Keep a weight loss journal. This would reap great benefits as you could keep a check on your progression from day one. You can even use the journal to work out why one week may have been better than another by looking at what you may have done differently.

Write down what you eat and when you eat. Also write down monthly measurements and weight. This will show you your progression over time and act as a motivator.

Step Four

Exercise will account for 50% of your results. Ignoring exercise is going to drastically keep your results much slower.

Exercising will get you there faster. There is no need to spend money on purchasing exercise equipment or joining a gym. It doesn't have to cost to exercise in your own home. There are hundreds of bodyweight exercises you can do without equipment.

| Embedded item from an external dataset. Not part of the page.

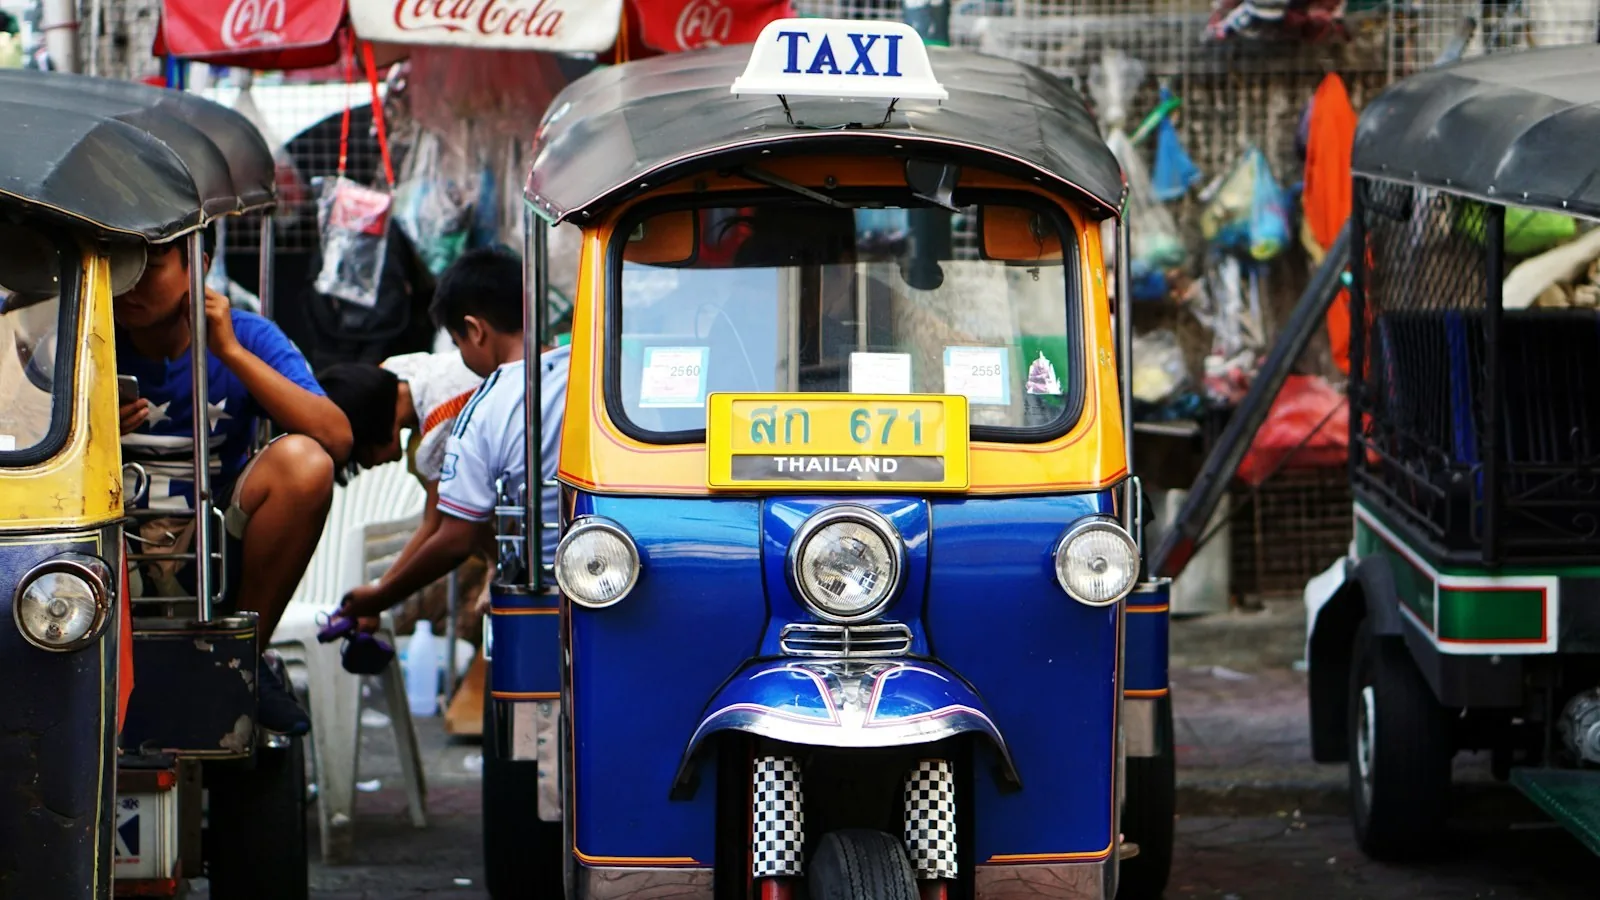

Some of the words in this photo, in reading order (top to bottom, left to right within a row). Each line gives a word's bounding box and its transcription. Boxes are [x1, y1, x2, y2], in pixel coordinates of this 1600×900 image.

Most boxers swear by just using their bodies to exercise,if it's good enough for these guys ,I'm sure you will get some benefit. If you don't know which exercises to do then just look on the internet and there will be hundreds, if not thousands of resources available. Exercise apart from increasing weight loss will also give you countless other health benefits.

Step Five

Always focus on why you doing it and why you started. Remember to focus on the end result and not on how hard it will be. The thing with a thought is that the more you focus on it the bigger and bigger it gets.

If for example you wake up in the morning and are not looking forward to exercising, then that thought will play on your mind all day. When the time has arrived for you to exercise, that thought will be massive and you probably would have talked yourself out of exercising.

Don't focus on stuff that you are not looking forward to,just do it when you know it is time. Think about how great you are going to look, think about what others will say about you, think about how happier you are going to be, and all these thoughts if you focus on them will also get bigger just like the bad ones.

Well there you have it. Don't start right away, have a good think about things then make preparations towards your weight loss goals. Don't forget that you can only lose weight by actually doing something about it, so follow these 5 steps to weight loss.